As part of its expanding sanctions against Russia, the Biden Administration on March 8, 2022, issued Executive Order 14066 (“EO 14066,” see here) to bar imports into the United States of Russian crude oil, petroleum; petroleum distillates, liquefied natural gas, coal or coal products. EO 14066 also prohibits any new investment by U.S. persons in the Russian energy sector. In the previous week, the Biden Administration has also expanded export controls on oil refinery equipment destined for Russia and extended the recently expanded export controls on Russia to apply to Belarus as well.

In addition, on March 11, President Biden announced from the White House his intention to significantly increase the tariff rate on nearly all Russian goods imported into the United States in concert with similar tariff actions by other G-7 countries. The Biden Administration will now seek new legislation to revoke Russia’s Permanent Normal Trade Relations (“PNTR”) status under U.S. trade laws, which would subject Russian-origin goods to less favorable import tariff rates than the goods of almost all other countries in the world. Because multiple members of Congress in both parties already indicated support for such a measure in response to Russia’s invasion of Ukraine, this loss of PNTR status for Russia is likely to occur relatively soon.

Also on March 11, President Biden issued a new March 11 executive order (“March 11 EO”) to impose even harsher sanctions against Russia that are unique in the post-World War II period with respect to a major industrialized economy. The March 11 EO bans U.S. imports of Russian fish and seafood, alcoholic beverages, and non-industrial diamonds and also prohibits exports of luxury goods to Russia. Beyond that, March 11 EO contemplates the United States will prohibit new investments in sectors of the Russian economy beyond the energy sector already blocked by Executive Order 14066. The March 11 EO also prohibits the exportation of U.S. dollar banknotes to Russia.

President Biden and his Administration announced these latest actions as Russia’s invasion of Ukraine continues and Russian military action against Ukrainian cities intensifies. As we reported earlier here and here, U.S. sanctions and export controls against Russia (and now Belarus) have grown rapidly since Russia began its military campaign in Ukraine. As a result, many companies across diverse sectors such as aviation, software, entertainment, media and retail have suspended their operations in Russia, terminated business relationships with Russian entities and severed ties with affiliates in Russia. However, the new U.S. economic sanctions and export controls launched by the Biden Administration target the Russian energy sector more broadly and more specifically than previous restrictions, given its outsized contribution to the domestic Russian economy, including new prohibitions against energy product imports from Russia and U.S. investments in that particular sector in Russia. The PNTR measure and March 11 EO are further evidence of the Administration’s exceptional focus on applying unprecedented levels of economic pressure to meet the Russian attack on Ukraine. Moreover, companies should expect more such actions as both the Administration and Congress weigh even further punitive measures against Russia and Belarus.

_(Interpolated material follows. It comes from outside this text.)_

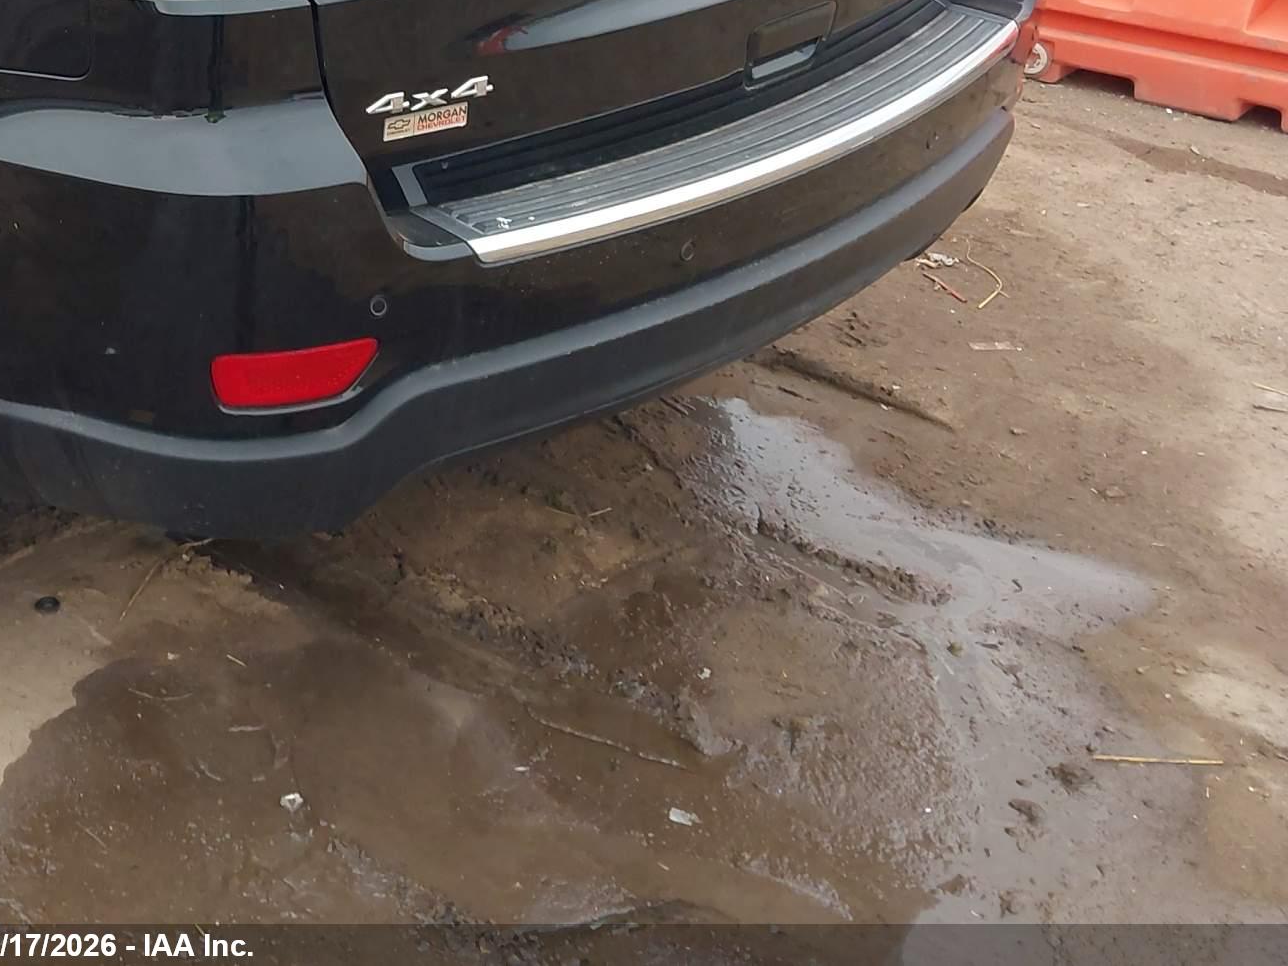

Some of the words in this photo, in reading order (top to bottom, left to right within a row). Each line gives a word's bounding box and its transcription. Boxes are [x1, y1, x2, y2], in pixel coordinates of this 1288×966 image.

[365, 75, 494, 114] 4x4
[416, 115, 466, 131] CHEVROLET
[418, 105, 467, 124] MORGAN

U.S. Bans Imports of Russian Crude Oil, Petroleum and Petroleum Distillates, Liquefied Natural Gas, and Coal and Coal Products and Prohibits New U.S. Investment in Russian Energy Sector.

On March 8, President Biden signed EO 14066 to ban the import into the United States of crude oil, petroleum; petroleum distillates, liquefied natural gas, coal or coal products (collectively, the “Energy Products”) that originate from Russia. In addition, EO 14066 prohibits any new investment by U.S. persons in the Russian energy sector. The U.S. Department of the Treasury Office of Foreign Assets Control (“OFAC”), which is responsible for the implementation and enforcement of EO 14066, has provided guidance (summarized below) to clarify its key requirements.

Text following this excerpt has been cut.